Nine years ago I was in the middle of a war against my ex, my son’s father. It was a VERY rough time in my life that started with being locked out of the home I lived in, and being told I wouldn’t see my son again because I wasn’t a fit mother. After a few hours in a lawyers office we filed what’s called a Writ of Attachment clarifying that my child was in danger, and he was, and that he was safest with me, which enacted a sort of arrest warrant for my son. He was 2 at the time and only remembers coming back to me in a police car.

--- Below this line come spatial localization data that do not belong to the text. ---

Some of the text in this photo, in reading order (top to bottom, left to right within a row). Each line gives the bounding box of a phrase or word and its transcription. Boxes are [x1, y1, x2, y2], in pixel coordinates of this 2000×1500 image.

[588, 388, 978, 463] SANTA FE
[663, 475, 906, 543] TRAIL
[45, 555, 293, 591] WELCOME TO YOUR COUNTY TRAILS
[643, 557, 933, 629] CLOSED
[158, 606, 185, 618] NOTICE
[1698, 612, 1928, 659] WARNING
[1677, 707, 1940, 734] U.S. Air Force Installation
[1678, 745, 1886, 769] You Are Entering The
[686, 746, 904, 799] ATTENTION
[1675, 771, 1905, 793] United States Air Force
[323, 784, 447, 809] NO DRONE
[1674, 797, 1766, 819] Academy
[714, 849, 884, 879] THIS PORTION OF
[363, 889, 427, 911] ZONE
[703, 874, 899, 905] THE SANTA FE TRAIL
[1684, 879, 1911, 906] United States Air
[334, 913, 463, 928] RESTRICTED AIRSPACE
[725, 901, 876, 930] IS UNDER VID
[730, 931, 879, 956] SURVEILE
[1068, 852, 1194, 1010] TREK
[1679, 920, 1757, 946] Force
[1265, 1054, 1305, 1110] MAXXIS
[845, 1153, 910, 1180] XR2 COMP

The fact that my child had to have this experience at such a tender age, still pisses me off. It still angers me that that person thought he thought he could best me and keep me from my child. Yes, my child. My son’s father never once behaved in a way that a father should, he over-punished and unjustifiably punished my son for annoying him, never took his safety seriously and didn’t take the job of parenting seriously at all. Once I got my son back, thus ensued the custody battle, with us both ending up with joint custody.

It has been my opinion since I found out that I was pregnant that my childhood was over, my days of being footloose and fancy free were long gone, and quite frankly my teenage years and childhood were nothing I wanted to continue on. My ex apparently thought fun and games were a never ending thing, and honestly there’s a time and a place for everything in life, you can still play. But to do what he did, took it to a felony level. No one was joking when I found out about the felony charges against him – and saw my opportunity to take a negative influence out of my son’s life. The ex went to an eating establishment that has carhops, and when the carhop brought him his food, or whatever, he was exposing himself. He did this 3 times.

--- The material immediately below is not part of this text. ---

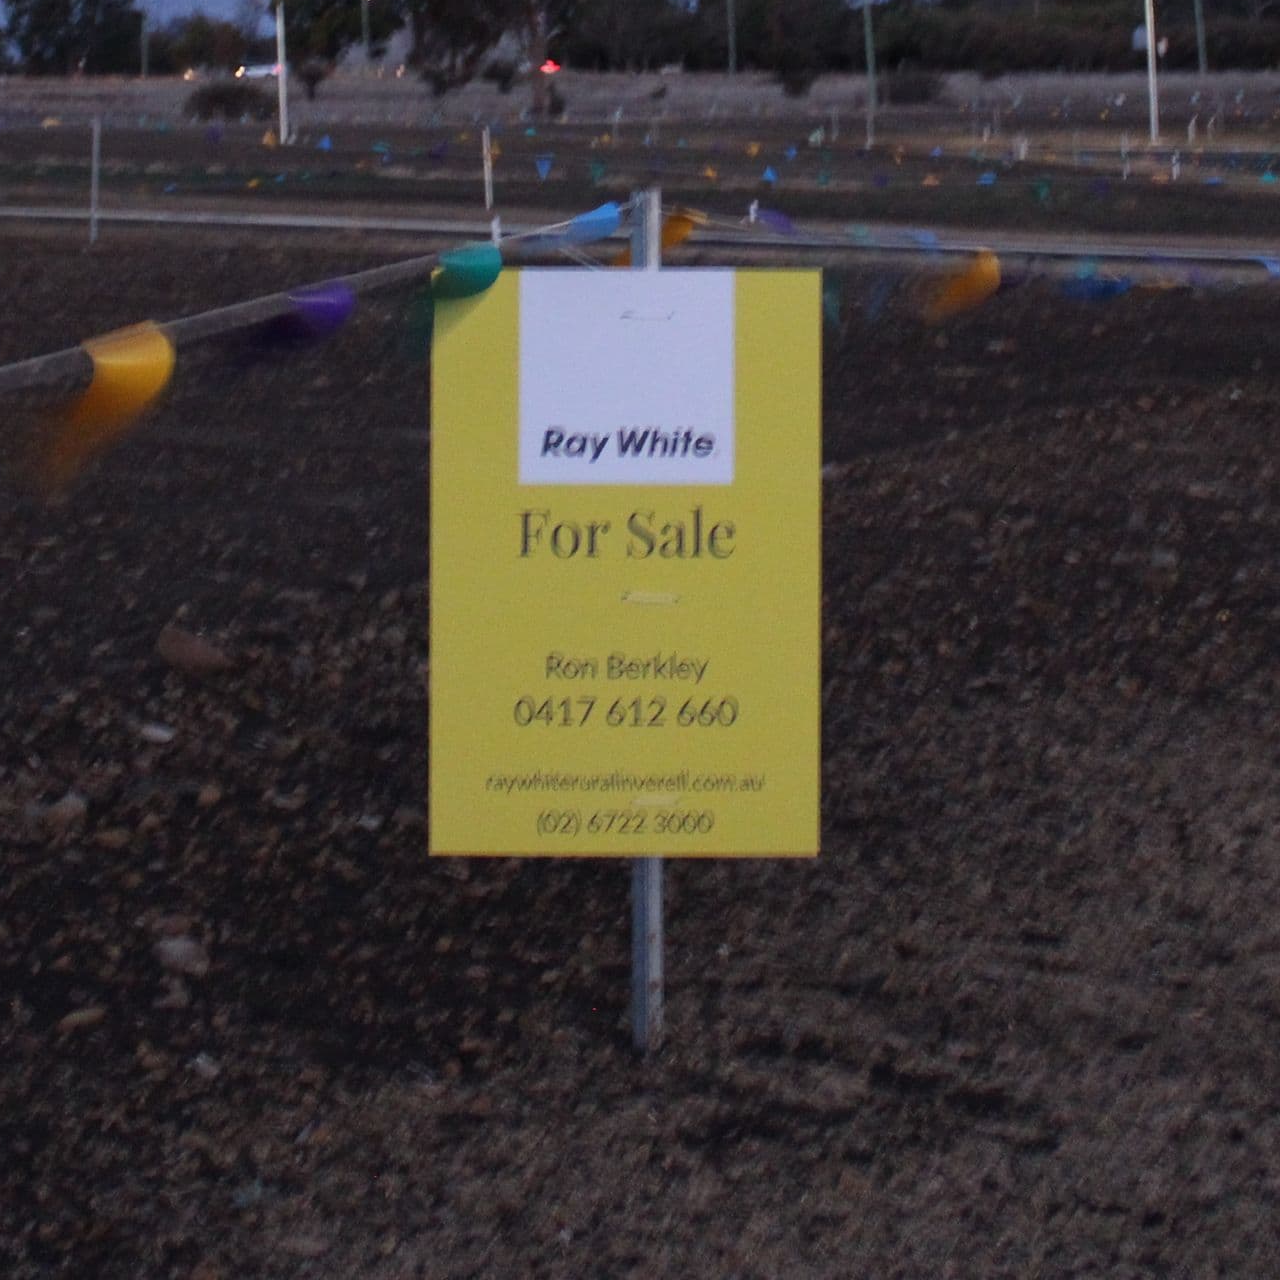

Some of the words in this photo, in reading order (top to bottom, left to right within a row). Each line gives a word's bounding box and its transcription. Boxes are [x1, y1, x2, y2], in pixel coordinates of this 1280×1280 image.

My jaw did that very same thing. He is now on the sex offender list because one of the three young ladies he did that to was a minor. He was convicted of all charges and he lost the right to visitation. One year later I had to have my attorney draft a letter to the principal of my son’s school because I found out my ex’s mother had been sneaking up and having lunch with my son, asking him to keep silent. That’s real good Grandma, tell the boy to lie to his own mother. That was ended swiftly.

Every now and then a thought will cross my mind that one day my son will be involved with those people again and I’d like to think I’ll handle it like an adult, but I don’t think I will. I’m an emotional person and while I’ll try my damndest not to let that affect my sons’ relationship. If I do my job well as my son’s mom, when he is an adult, he will be able to handle a relationship with his father, and hopefully keep him at a distance.

I’ve raised my son so far very well, he is much like me in that he is sensitive but doesn’t show it, highly emotional but won’t show it if he can avoid it, very social and likable and if I do say so myself, a very good looking kid. One day I know he’ll look the man up and I know he’ll have a relationship with him, but I hope against hope that it’ll be too late for the him to have any influence over him.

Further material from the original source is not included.